The technical achievement underlying Orion’s compact form factor is Meta’s silicon carbide waveguide lens, which the company describes as the densest optical component ever manufactured at consumer scale. The waveguide projects images generated by a micro-OLED projector housed in the frame’s temple arm directly onto the retina through the lens, creating the perception of holographic content floating in the user’s field of view without the bulk of conventional optical systems. The field of view covers approximately 70 degrees horizontally and 55 degrees vertically – narrower than the human visual field but significantly wider than competing waveguide glasses from competitors including Google and Snap, and sufficient to display app interfaces, messages, navigation directions and video content in a natural viewing experience. TechCrunch‘s review called the display “genuinely magical in a way that no previous wearable display has achieved.”
The neural wristband controller, which Meta sells as an optional $149 accessory for Orion, captures electromyography signals from the wrist to detect fine finger movements without requiring the user to make visible gestures, enabling text input, scrolling and app navigation through subtle finger motions that appear natural in a social setting. The Verge noted that the wristband’s gesture recognition accuracy in testing was ‘remarkably high’ for a technology that remains in early commercial stages, though it also noted that the learning curve for consistent accurate input takes approximately two weeks of regular use. Voice commands via Meta AI serve as the primary alternative input method and worked reliably in the demo environment, though real-world performance in noisy environments will require more extensive independent testing.
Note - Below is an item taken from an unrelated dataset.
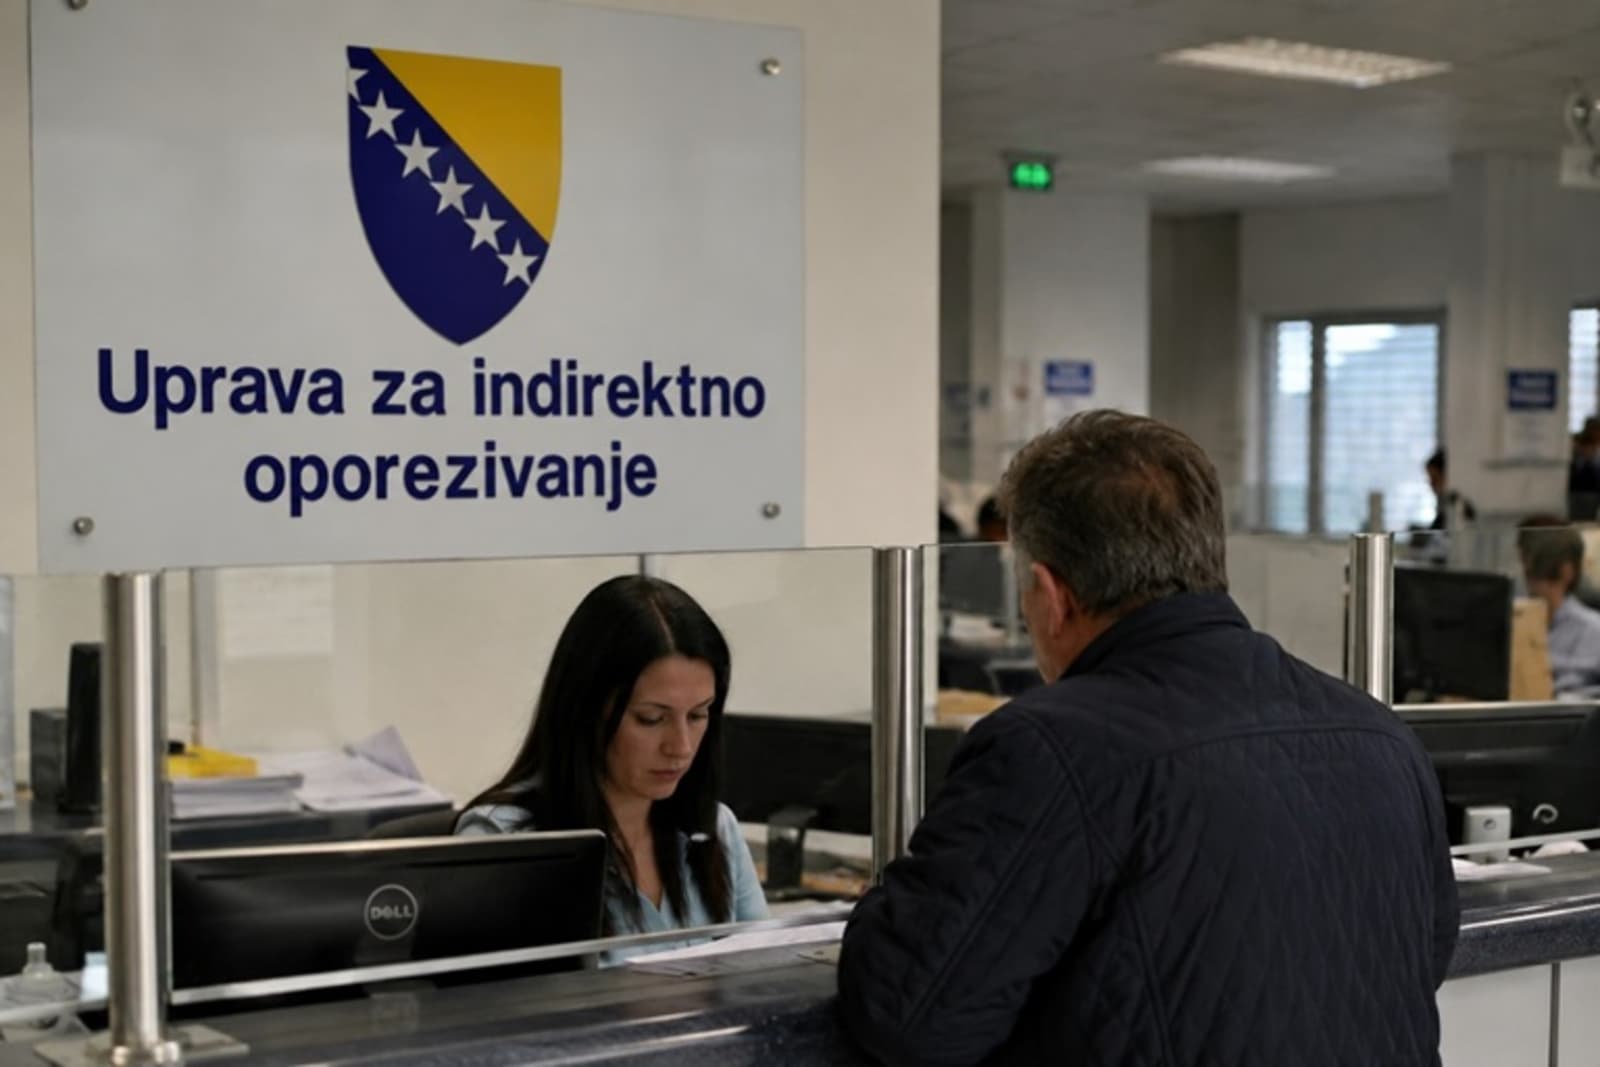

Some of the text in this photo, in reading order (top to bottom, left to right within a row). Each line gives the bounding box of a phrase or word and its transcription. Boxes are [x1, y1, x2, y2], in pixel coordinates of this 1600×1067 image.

The $999 price point is intentionally positioned to make Orion accessible to early adopters without the five-figure price tags that have limited enterprise AR headsets to corporate deployment rather than individual consumer purchase. Meta CEO Mark Zuckerberg described Orion as “the first glasses that are genuinely good enough to use every day” and said the company expects the form factor to follow the same adoption curve as smartphones, starting with enthusiasts and developers before becoming mainstream as software ecosystems develop and hardware costs decline. Wired noted that the first-generation Orion represents a meaningful technical achievement even if some elements of the experience remain rough, and described it as analogous to the original iPhone in its combination of breakthrough capability and obvious first-generation limitations.
Battery life from the small cell embedded in the right temple arm provides approximately three hours of active display use, extending to six hours if the display is used intermittently with longer periods of standby. A separate wireless charging puck case extends daily use by providing two additional charges. The glasses weigh 98 grams, heavier than standard eyeglasses but lighter than any competing AR headset.